(Task input begins)

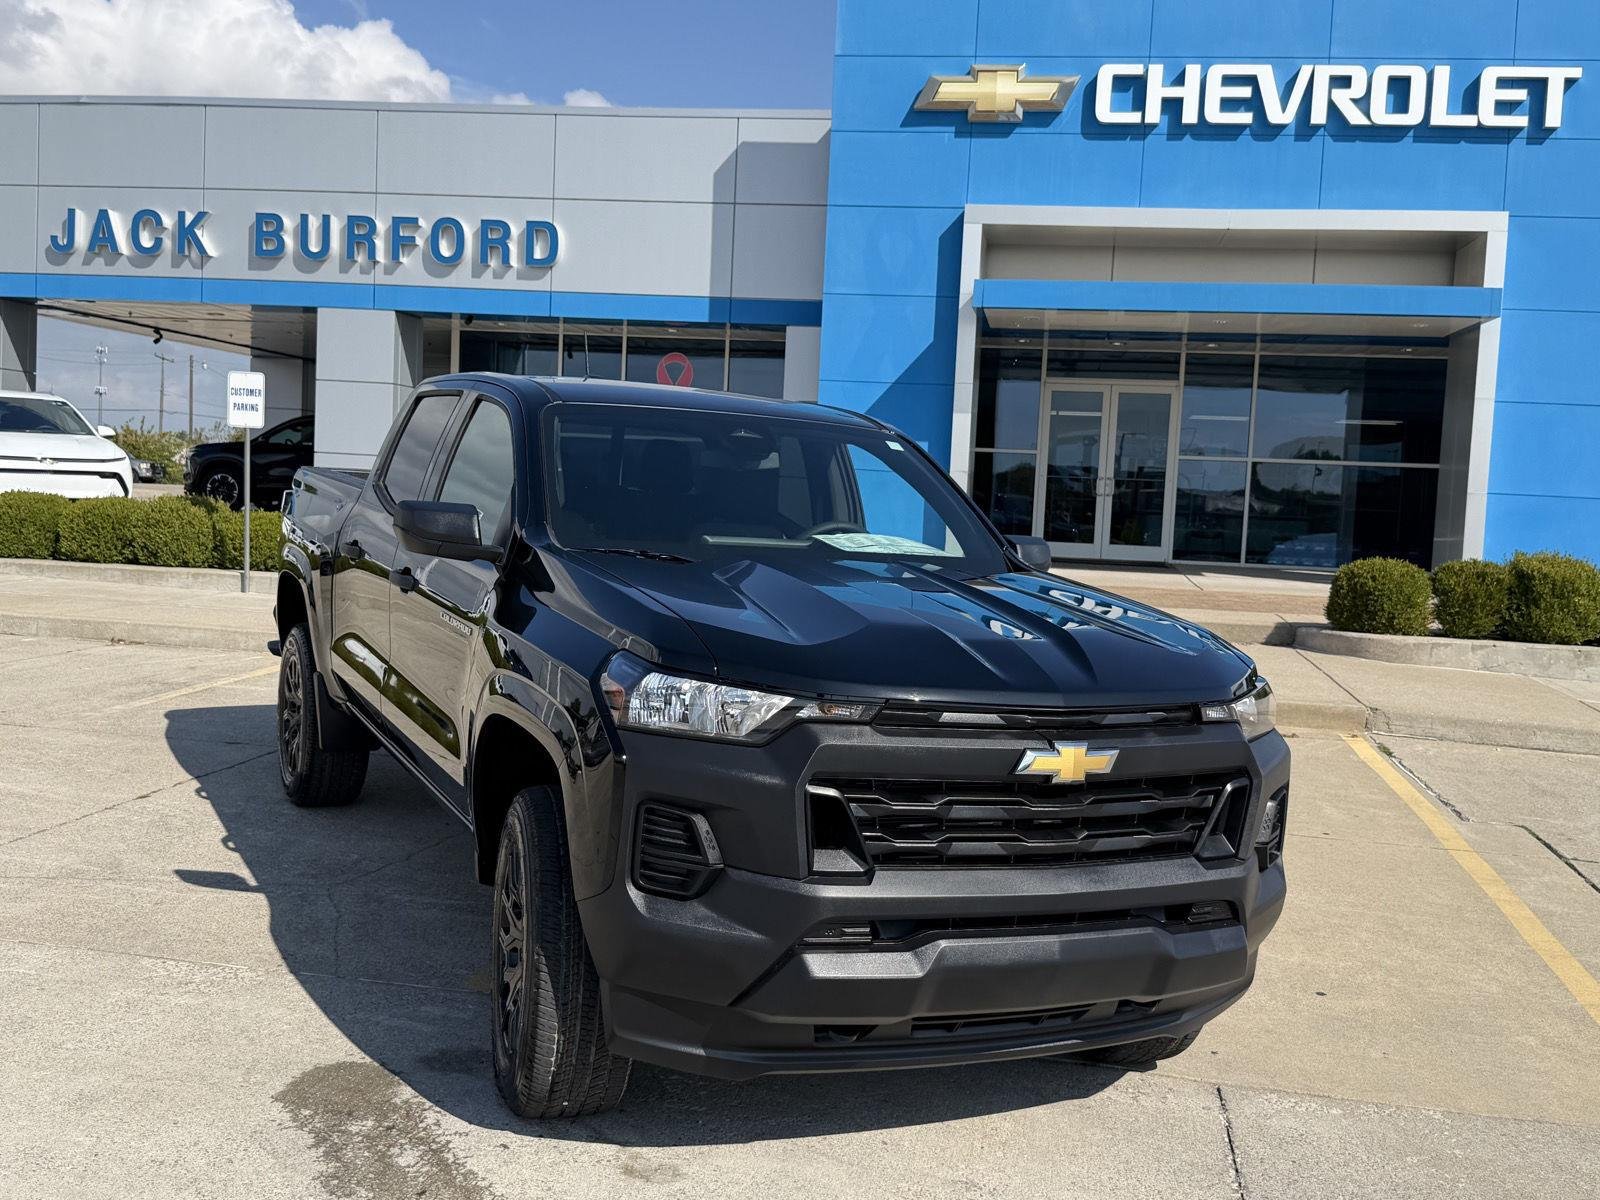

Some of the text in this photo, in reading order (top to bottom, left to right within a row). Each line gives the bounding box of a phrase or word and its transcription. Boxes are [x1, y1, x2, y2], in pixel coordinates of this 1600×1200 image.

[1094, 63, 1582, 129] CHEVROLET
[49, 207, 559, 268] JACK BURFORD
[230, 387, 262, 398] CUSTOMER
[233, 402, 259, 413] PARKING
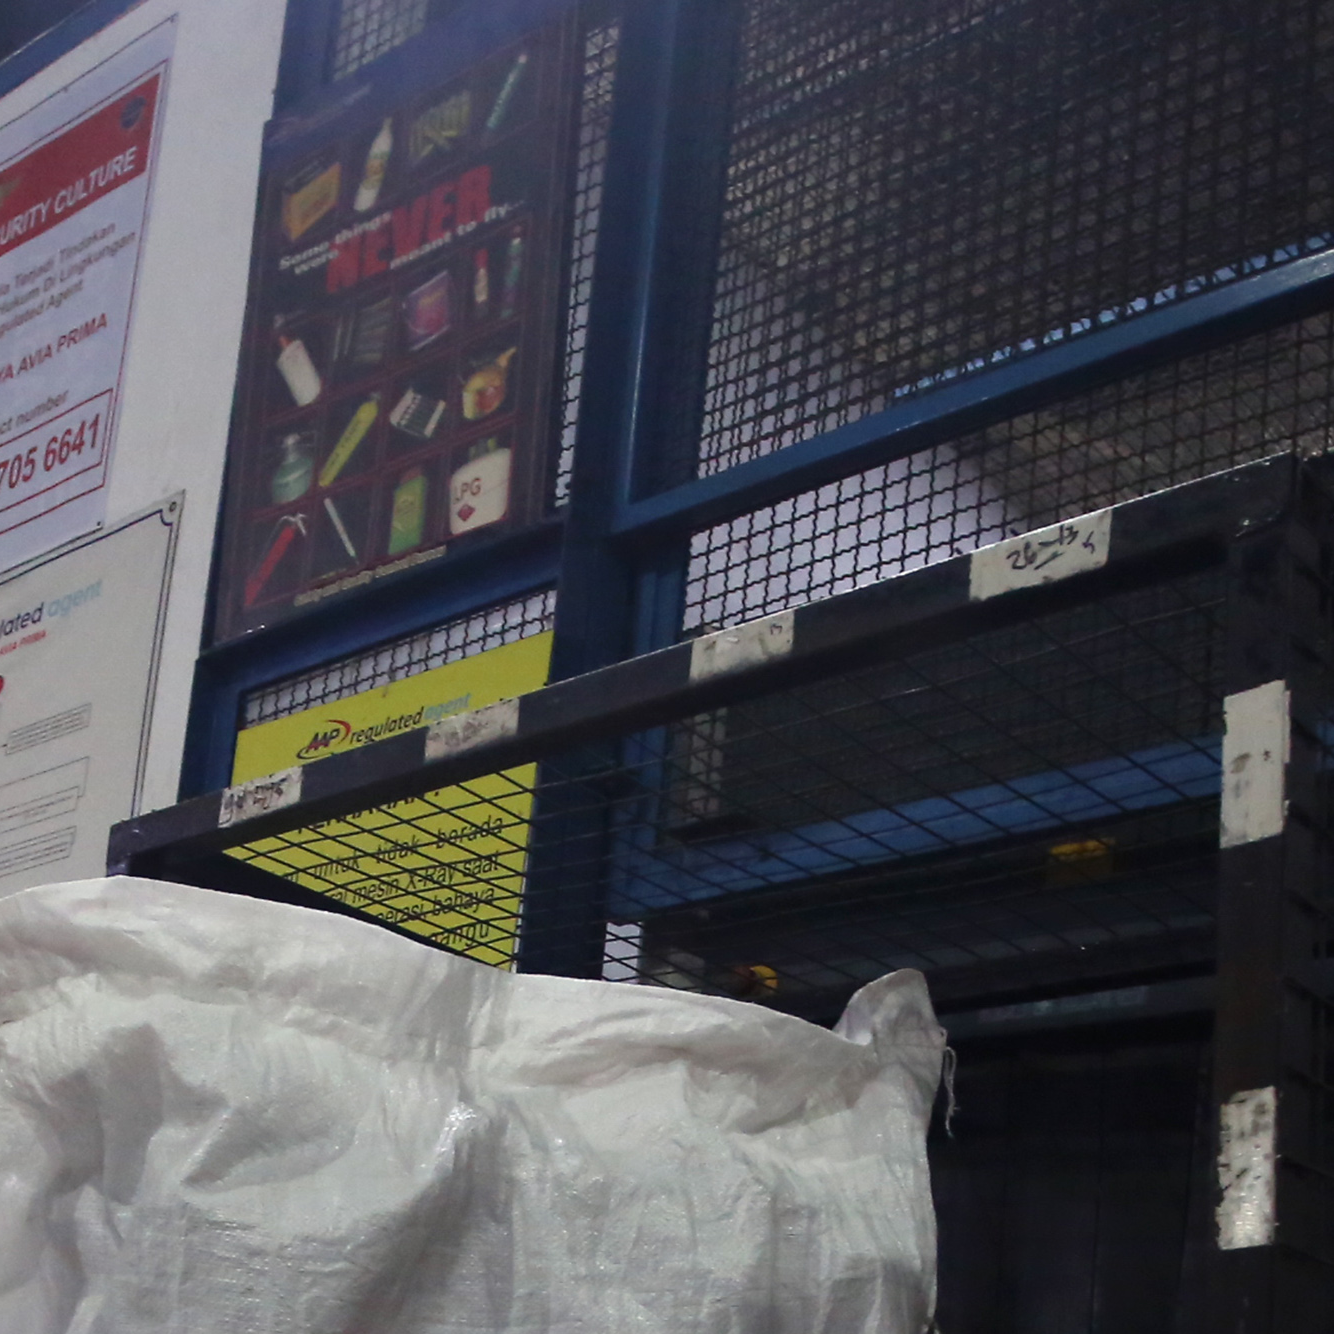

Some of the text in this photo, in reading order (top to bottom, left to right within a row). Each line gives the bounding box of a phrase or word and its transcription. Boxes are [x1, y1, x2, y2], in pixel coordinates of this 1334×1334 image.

(Task input ends)

The task —
Word for word, retype all of the data above, but include no pictures.

Solution —
Some of the text in this photo, in reading order (top to bottom, left to right within a row). Each line gives the bounding box of a phrase or word and its transcription. Boxes are [x1, y1, x2, y2], in pixel coordinates of this 1600×1200 image.

[1094, 63, 1582, 129] CHEVROLET
[49, 207, 559, 268] JACK BURFORD
[230, 387, 262, 398] CUSTOMER
[233, 402, 259, 413] PARKING

Some of the text in this photo, in reading order (top to bottom, left to right within a row). Each line gives the bounding box of a phrase or word and its transcription. Boxes are [x1, y1, x2, y2], in pixel coordinates of this 1334×1334 image.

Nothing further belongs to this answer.